Consolidation also eliminates concerns about an automatic response.

“You can still have the districts as outlined now, or you can redraw them to make sure fire stations are more effectivity responsive,” he said. “They could still subsist under a primary fire district.”

He used to be a fire chief, Fuerbringer said, and understands some may see losing the title as a sign of failure.

“In reality, it will make them part of something greater,” he said. “They can still manage the fire station. Each district still needs that type of leader to keep it viable and going.”

Another idea Fuerbringer suggested was having Hutchinson Fire automatically respond to structure fires in areas of higher population and greater property value.

He looked at the types of calls in the districts and structure fires accounted for less than 30% of all calls, with one district recording less than 15 in a year.

“Ninety-one percent of the county’s population lives within 20 minutes or less,” he said. “Of parcels out there, 83% have a combined valuation of $3 billion. Ninety-four percent of that combined valuation is within 20 minutes of the city limits.”

Hutchinson Fire has stations located such that they could respond to those areas “and put fully staffed and equipped pieces of apparatus on the scene in the same amount of time it takes to get volunteer districts on the scene.”

As soon as sufficient volunteer units arrived on the scene, the command would be turned over to the volunteer fire district.

“Too often this is seen as an invasion, rather than just help,” Fuerbringer said. “But talk to anybody who lives in an urbanized area outside the city limits and ask them if they are having a crisis or emergency, if you say you can get someone here in four minutes if we change the system I challenge you to take a survey or referendum and see how many will say ‘no thanks, we’ll wait for our people.’”

Fuerbringer suggested the first step should be the county commissioners visiting each fire district “to see what their physical environment is and what they are dealing with....”

“To get an appreciation and understanding on which to base discussion and decisions,” and to find out directly from fire chiefs what they see as their biggest roadblocks and challenges.

The commissioners, however, rejected that idea off the bat.

Commissioner Ron Sellers said he felt that was the role of the county administrator and his staff.

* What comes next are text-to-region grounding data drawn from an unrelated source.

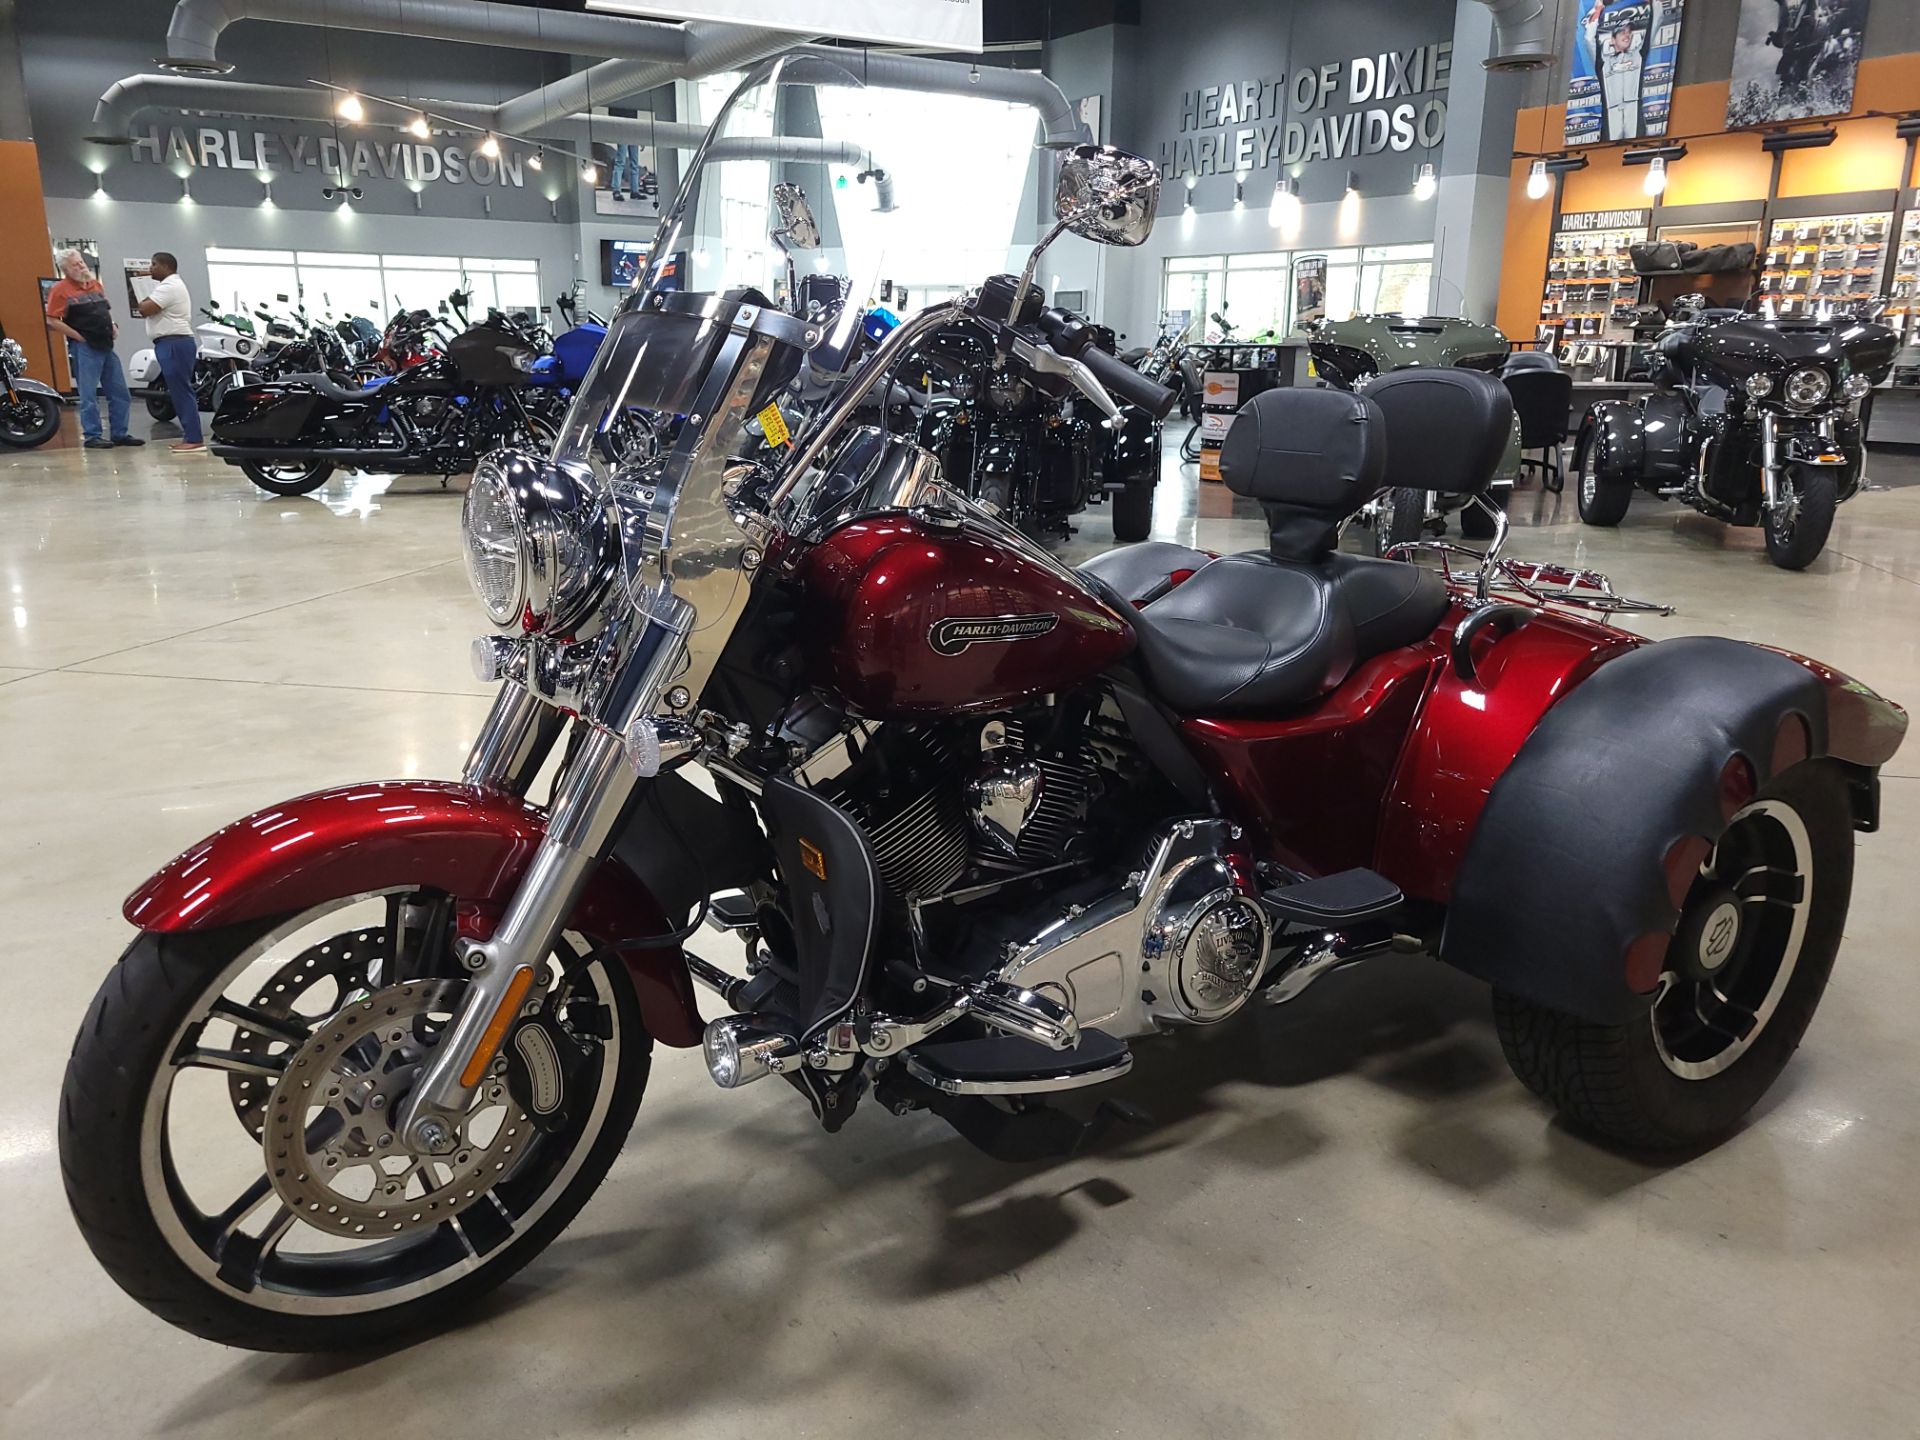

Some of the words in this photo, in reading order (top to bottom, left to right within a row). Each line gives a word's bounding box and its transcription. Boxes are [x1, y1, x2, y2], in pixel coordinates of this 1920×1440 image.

[1179, 73, 1285, 133] HEART
[1293, 62, 1341, 114] OF
[1349, 40, 1453, 105] DIXIE
[128, 125, 524, 188] HARLEY-DAVIDSON
[953, 620, 1052, 636] HARLEY-DAVIDSON

“I want to give staff some time to digest it and let staff come back to us with recommendations, to approve or alter it,” Sellers said.

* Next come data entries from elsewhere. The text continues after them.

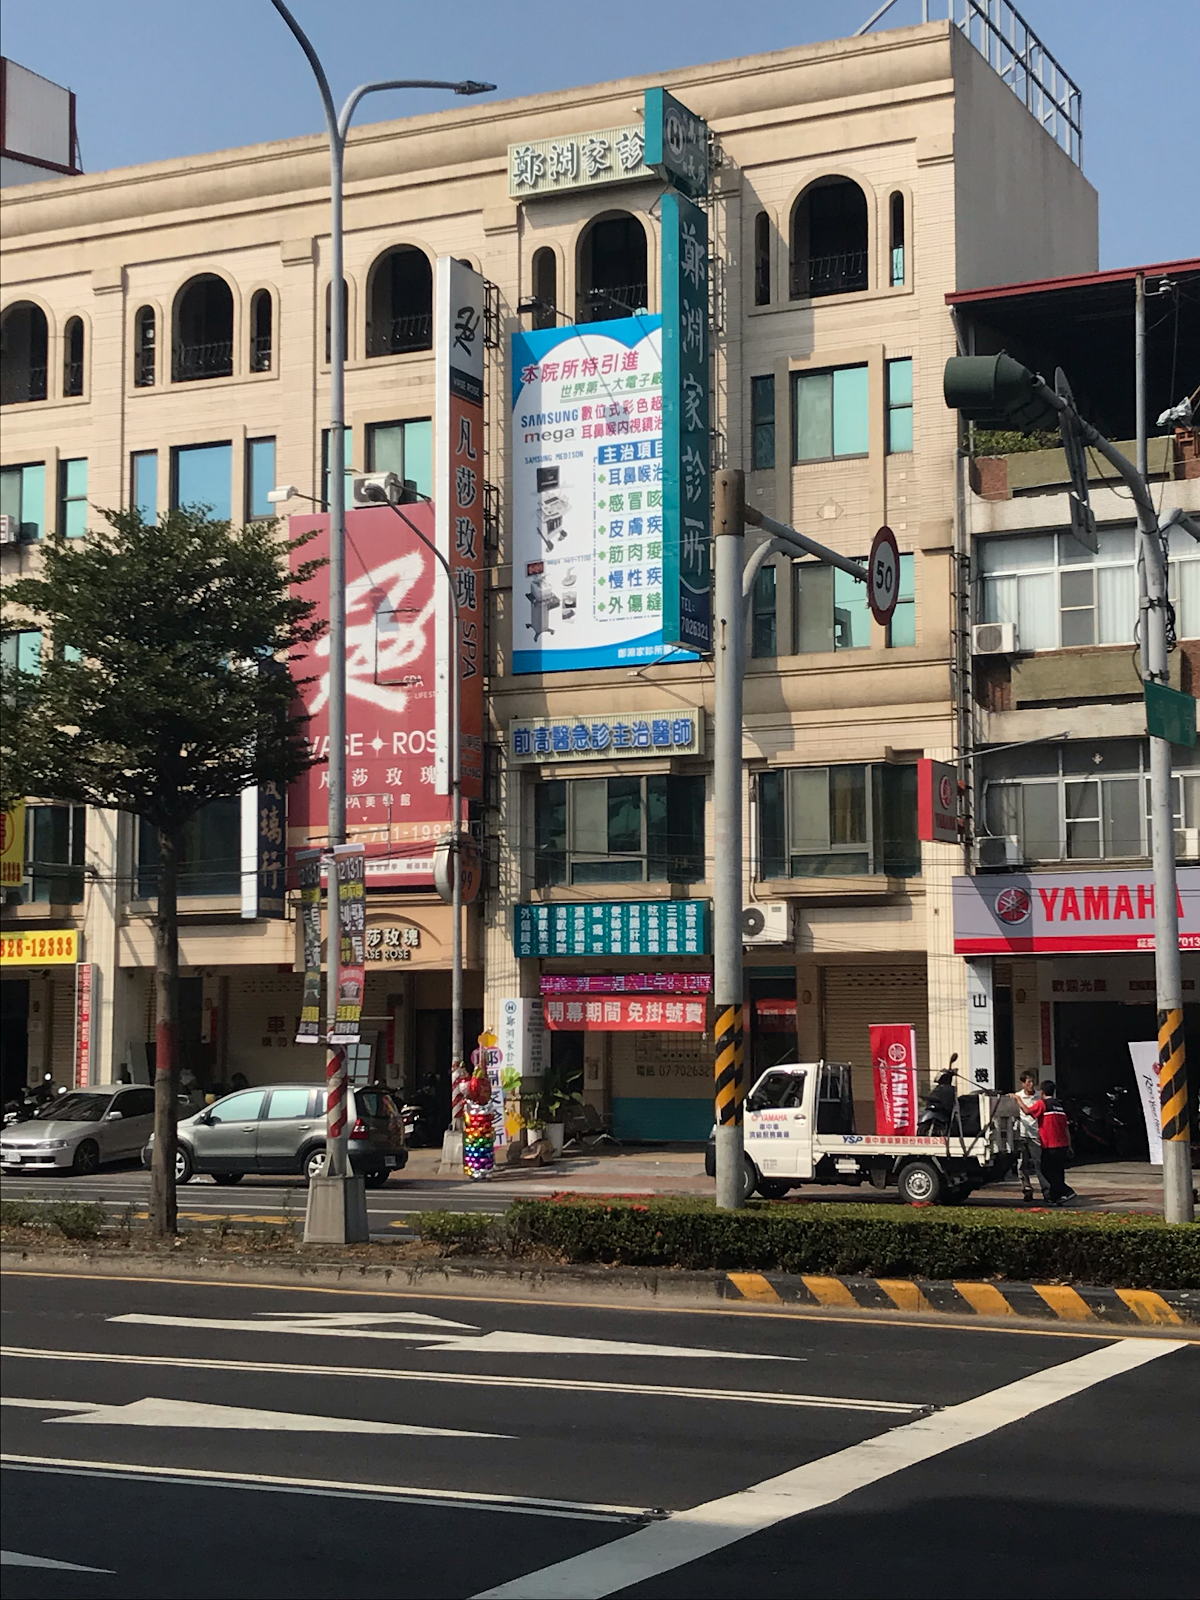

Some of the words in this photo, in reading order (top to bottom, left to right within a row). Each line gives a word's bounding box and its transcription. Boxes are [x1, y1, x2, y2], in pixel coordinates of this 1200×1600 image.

[513, 130, 645, 186] 鄭淵家診
[521, 351, 639, 384] 本院所特引進
[521, 408, 579, 428] SAMSUNG
[581, 396, 662, 421] 數位式彩色超
[524, 428, 575, 443] mega
[524, 454, 552, 464] SAMSUNG
[556, 450, 584, 461] MEDISON
[456, 415, 477, 610] 凡莎玫瑰
[608, 490, 662, 512] 感冒咳
[608, 515, 662, 538] 皮膚疾
[608, 566, 662, 589] 慢性疾
[875, 560, 893, 593] 50
[681, 617, 708, 643] 7026321
[462, 620, 477, 680] SPA
[392, 729, 436, 755] ROS
[513, 718, 693, 753] 前高醫急診主治醫師
[366, 928, 419, 946] 莎玫瑰
[365, 949, 381, 959] ASE
[384, 949, 409, 959] ROSE
[547, 1002, 621, 1023] 開幕期間
[627, 1002, 702, 1024] 免掛號費
[972, 993, 989, 1083] 山葉機
[890, 1062, 909, 1128] YAMAHA
[760, 1114, 788, 1122] YAMAHA
[843, 1135, 863, 1144] YSP

While Commissioner Friesen said the findings show “failure at the top level, at the commission,” he agreed county staff should study the findings and “come back to the commission with two or three ideas, or one favorable idea and a subset of that for the commission to agree or disagree on. Then those suggestions would come from staff and not from us.”

Partington said they were willing to take the lead, but “as staff, we need to make sure you have our backs when we go in a direction.”

Weishaar agreed.

“My experience with the chiefs, when I send out emails and make calls, is they are less than responsive,” he said. “I’d like the commission to take the stance we’re ready to implement change... If you’re ready to implement change, I’ll meet with the fire chiefs and have a frank conversation and start the discussion on where we’d like to go.”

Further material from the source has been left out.